Seperti halnya hampir semua kegiatan manusiawi, penelitian dilaksanakan atas dasar saling percaya untuk mengikuti prosedur wajib, dan penerimanya percaya bahwa informasi itu diolah dengan benar.

Ilmuwan dan pemikir dipercaya atas premis kebenaran dan kejujuran, sedangkan publik penerima informasi mengiakan keterangan itu atas dasar logikanya.
Informasi ilmiah adalah pencerminan kebenaran dari laku jujur dan benar. Hasilnya adalah kaleidoskop tanpa prasangka atau bias. Kewajiban ilmuwan adalah menjaga nilai produknya.

Agar kepercayaan bisa langgeng, episentra informasi harus menggenggam nilai dan etika berproduksi dan berkomunikasi.

Pencetus wawasan ilmiah ataupun sosial kadangkala harus menentukan pilihan etis dari sejumlah kebenaran agar dapat menggerakkan kompas moral pendengarnya.
Bagaimanapun penyebaran informasi harus mengantongi etik kebenaran agar pulsa informasi menyuruk ke dalam ruang seluler massa dengan benar.

Sastrapratedja (2013) mengemukakan balutan ilmu dan teknologi dengan etika, terutama etika akademis. Dimensi etis ini, menurut Sastrapartedja, terpilin erat bersama moralitas pengembangan kedua entitas kebudayaan tersebut.

Moralitas yang sama seharusnya menjadi milik masyarakat penerima yang ingin menghayati makna informasi. Untuk itu, masyarakat perlu saringan mental untuk menilai kesahihan berita. Sebaliknya, sumber informasi harus berdiri di atas bukit kejujuran, kesalehan, dan kebenaran.

Untuk memberikan pencerahan dan memperbesar khazanah pengetahuan, beberapa faktor luar dapat muncul menambah dimensi harga diri.

Tidak hanya keanggunan yang diraih, tetapi juga ketenaran merebak sehingga menambah parameter pemijahan diri. Keinginan berbagi pengetahuan dan pandangan, teraduk dengan ambisi, karier, dan wawasan berpamrih. Sikap yang wajar selama etika mendampingi usahanya.

Jika tidak, virus penggrogot kewaskitaan berkembang biak, membuat orang lupa diri: enak berdiri di atas setumpuk pikiran orang lain tanpa memberi kredit sewajarnya.

Membalak pikir

Fenomena baru dalam masyarakat adalah tebaran gagasan dengan penemuan fiktif dan membalak pikiran orang lain.
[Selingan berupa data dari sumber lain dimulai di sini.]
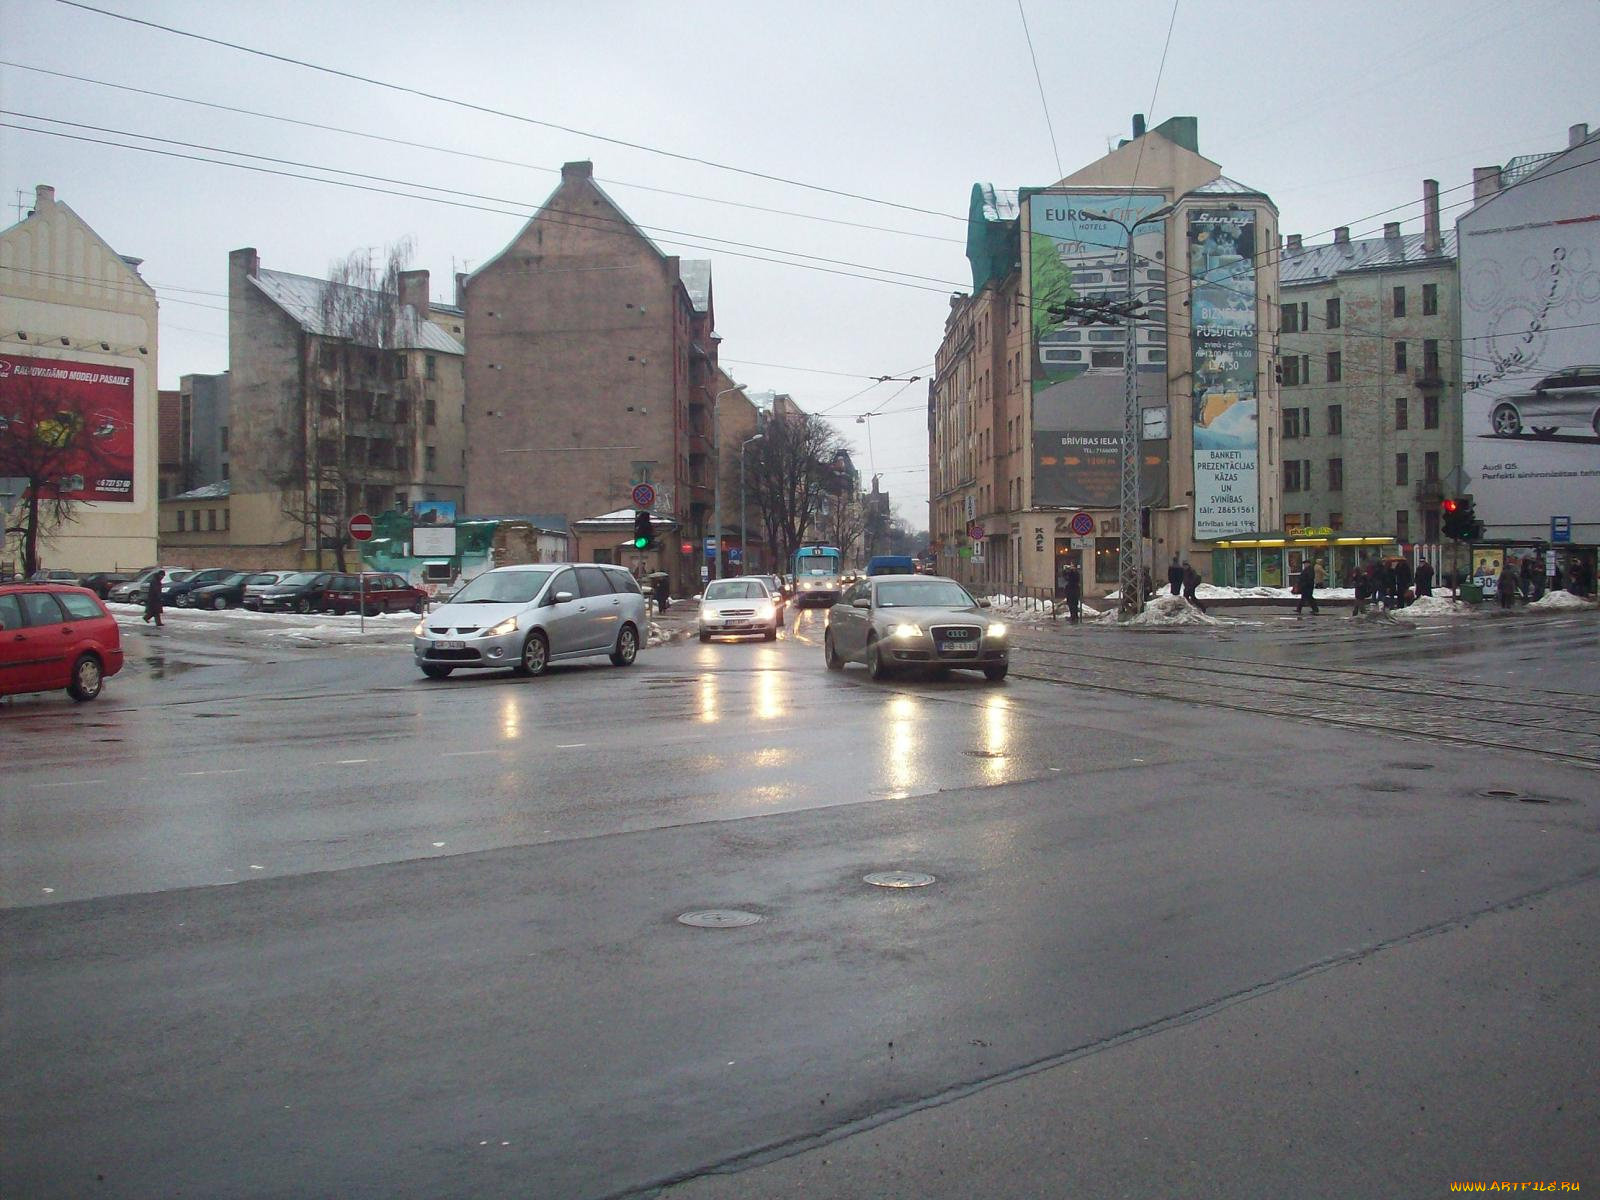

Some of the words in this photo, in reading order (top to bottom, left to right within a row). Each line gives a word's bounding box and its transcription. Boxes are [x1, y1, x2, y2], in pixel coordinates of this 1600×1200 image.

[1200, 213, 1250, 227] Sunny
[1079, 223, 1107, 231] HOTELS
[1196, 324, 1253, 337] PUSDIENAS
[69, 371, 98, 384] MODEĻU
[99, 374, 131, 386] PASAULE
[1100, 437, 1118, 445] IELA
[1210, 451, 1241, 459] BANKETI
[1197, 460, 1255, 470] PREZENTĀCIJAS
[1482, 463, 1503, 471] Audi
[1214, 471, 1238, 481] KĀZAS
[1481, 472, 1516, 480] Perfekti
[1210, 494, 1243, 503] SVINĪBAS
[1217, 506, 1255, 514] 28651561
Gejala seperti ini adalah dorongan untuk menonjol dengan seminimal mungkin upaya.

Virus tadi menanggalkan akal sehat, membuat orang lalai, dan memasukkan karya orang lain ke dalam alur pikirannya. Jadilah ia seorang plagiat.
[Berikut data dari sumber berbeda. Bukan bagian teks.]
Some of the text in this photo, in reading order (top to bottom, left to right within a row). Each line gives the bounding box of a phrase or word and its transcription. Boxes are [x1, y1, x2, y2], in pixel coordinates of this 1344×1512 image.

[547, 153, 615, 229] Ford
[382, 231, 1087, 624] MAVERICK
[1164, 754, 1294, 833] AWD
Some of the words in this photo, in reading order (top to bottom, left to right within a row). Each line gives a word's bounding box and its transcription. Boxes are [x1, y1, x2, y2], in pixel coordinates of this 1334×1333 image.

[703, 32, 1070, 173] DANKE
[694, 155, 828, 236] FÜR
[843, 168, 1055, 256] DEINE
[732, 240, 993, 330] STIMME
Pemekaran ideologi seperti itu merasuki garba ilmiah yang diharapkan menjadi penyelia moral.

Kejadian di beberapa universitas (di Indonesia) memperlihatkan betapa ganasnya virus plagiat tersebut, dia meluruhkan kedudukan pemikir dari garis depan kehormatan. Orang lupa bahwa kehormatannya terletak dalam kepercayaan masyarakat terhadap status akademianya.

Ilmuwan dan pemikirnya di banyak negara didera lecut ”publish or perish”. Karena deraan itu, sosok lemah bisa terserang F2P: fabrication (pengkhayalan eksperimen), falsification (penyulapan data), serta plagiarisme. Yang terakhir sudah disinggung.
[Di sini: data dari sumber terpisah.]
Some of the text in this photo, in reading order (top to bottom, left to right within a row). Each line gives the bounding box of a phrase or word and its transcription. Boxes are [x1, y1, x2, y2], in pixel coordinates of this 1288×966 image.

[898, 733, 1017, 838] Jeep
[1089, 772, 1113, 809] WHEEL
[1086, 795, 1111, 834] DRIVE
Dua hal pertama membuat sewot masyarakat Amerika dengan inovasi fiktif laboratorium Bell. Banyak karya tulis negara lain di bidang bio-science dan genome yang harus ditarik dari peredaran dari jurnal Nature, Science, dan lainnya, dan dianggap tidak pernah terbit (Nature, 18 September 2009; Science, 1 Oktober 2012).

Keinginan pribadi untuk tenar membuat orang lupa bahwa eksperimen dapat ditera. Tiongkok menarik tidak kurang dari empat artikel ilmuwan ternama dari peredaran karena hal yang sama, serta secara kritis memonitor publikasi ilmiah untuk menghindari plagiarisme (Science, 18 Oktober 1998, 337).

Cousin-Frankel (Science, 1 Oktober 2012) mengingatkan perlunya kewaspadaan karena merebaknya malalaku dalam sains dan teknologi dapat menyumbat kemajuan ilmu pengetahuan pada umumnya.

Lebih jelek lagi menghilangkan kepercayaan publik kepada lembaga penelitian dan pendidikan tinggi. Negara akan merugi karena terpaksa melambatkan laju penelitian untuk membangkitkan kembali tingkat kepercayaan.

Masyarakat keilmuan harus memperkokoh janjinya kepada ”sumpah hipokratik”, mengedepankan kejujuran demi ilmu. Banyak catatan positif jejak lembaga penelitian di Indonesia, semoga tidak tercemar oleh cuatan keinginan sesaat F2P.